BEGIN

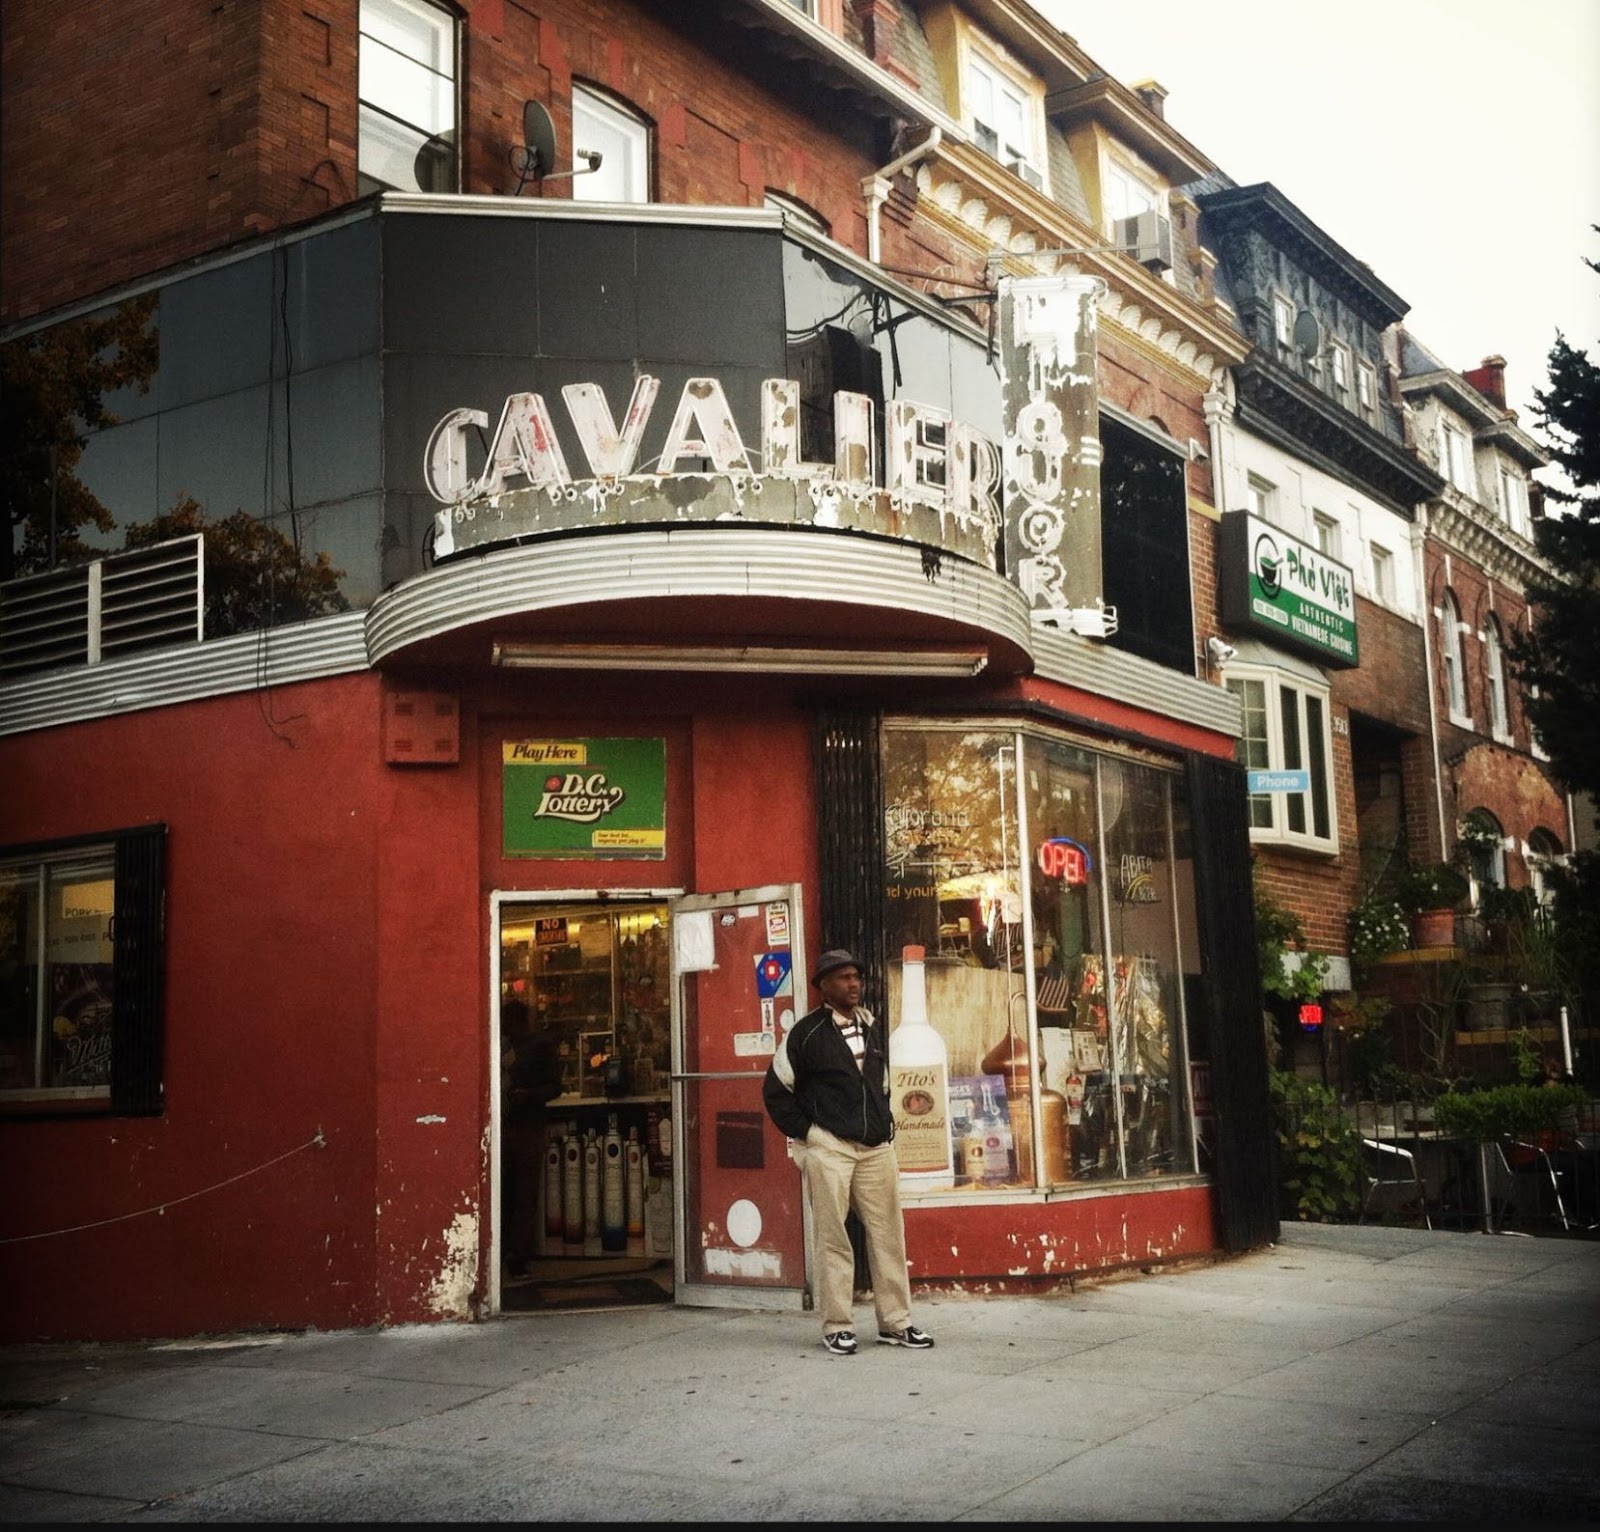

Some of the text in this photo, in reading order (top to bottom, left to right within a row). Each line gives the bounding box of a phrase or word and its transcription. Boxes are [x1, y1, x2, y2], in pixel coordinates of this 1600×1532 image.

[423, 375, 1003, 530] CAVALIER
[1299, 602, 1344, 633] AUTHENTIC
[512, 744, 578, 762] Play Here
[559, 773, 609, 796] D.C.
[1257, 774, 1299, 788] Phone
[533, 786, 624, 823] Lottery
[1120, 853, 1153, 889] ABITA
[543, 918, 560, 931] NO
[897, 1072, 937, 1088] Tito's
[894, 1117, 946, 1132] Handmade
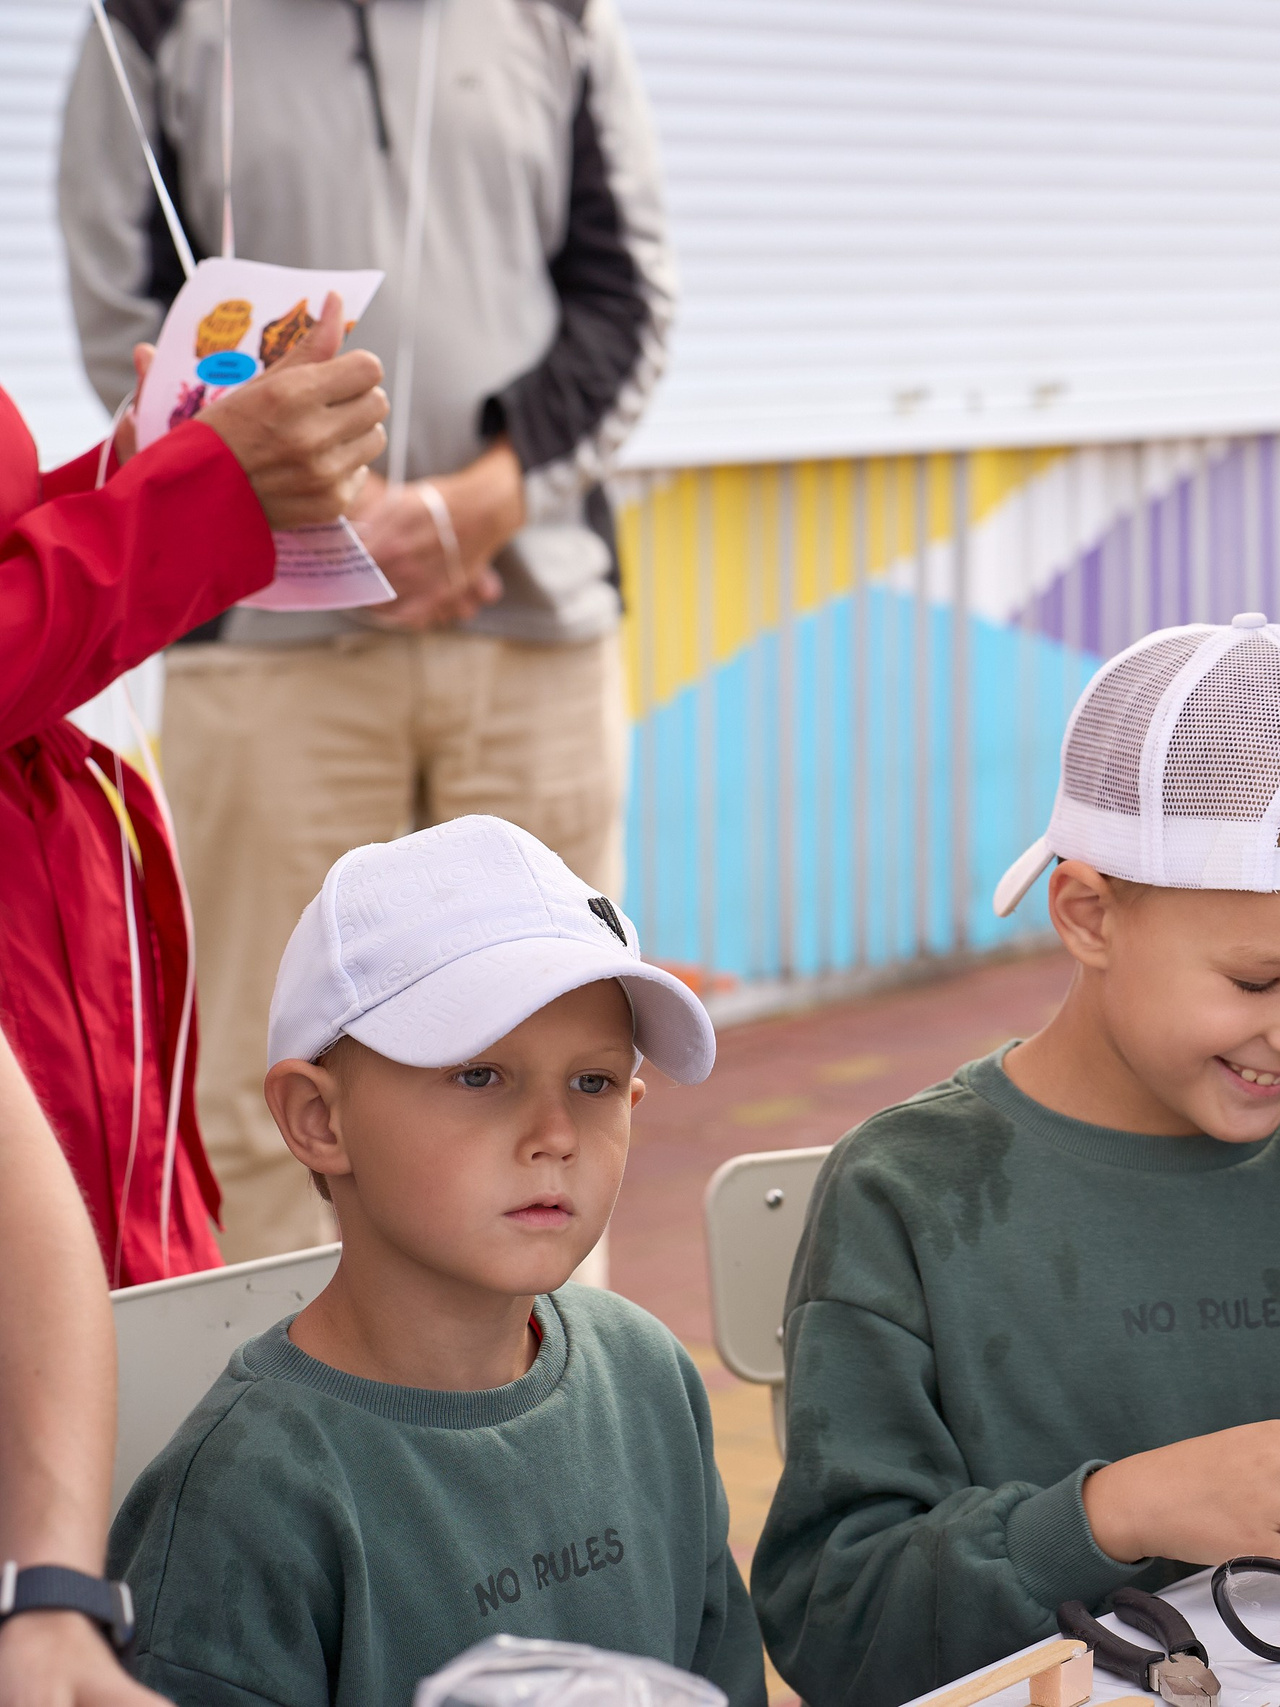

END

Every record above must be copied exactly, and no picture may appear in the copy.

Some of the text in this photo, in reading order (top to bottom, left to right within a row). Each line gives the bounding box of a phrase or word and its transcription. Boxes are [x1, y1, x2, y2], in pixel coordinates of this 1600×1532 image.

[423, 375, 1003, 530] CAVALIER
[1299, 602, 1344, 633] AUTHENTIC
[512, 744, 578, 762] Play Here
[559, 773, 609, 796] D.C.
[1257, 774, 1299, 788] Phone
[533, 786, 624, 823] Lottery
[1120, 853, 1153, 889] ABITA
[543, 918, 560, 931] NO
[897, 1072, 937, 1088] Tito's
[894, 1117, 946, 1132] Handmade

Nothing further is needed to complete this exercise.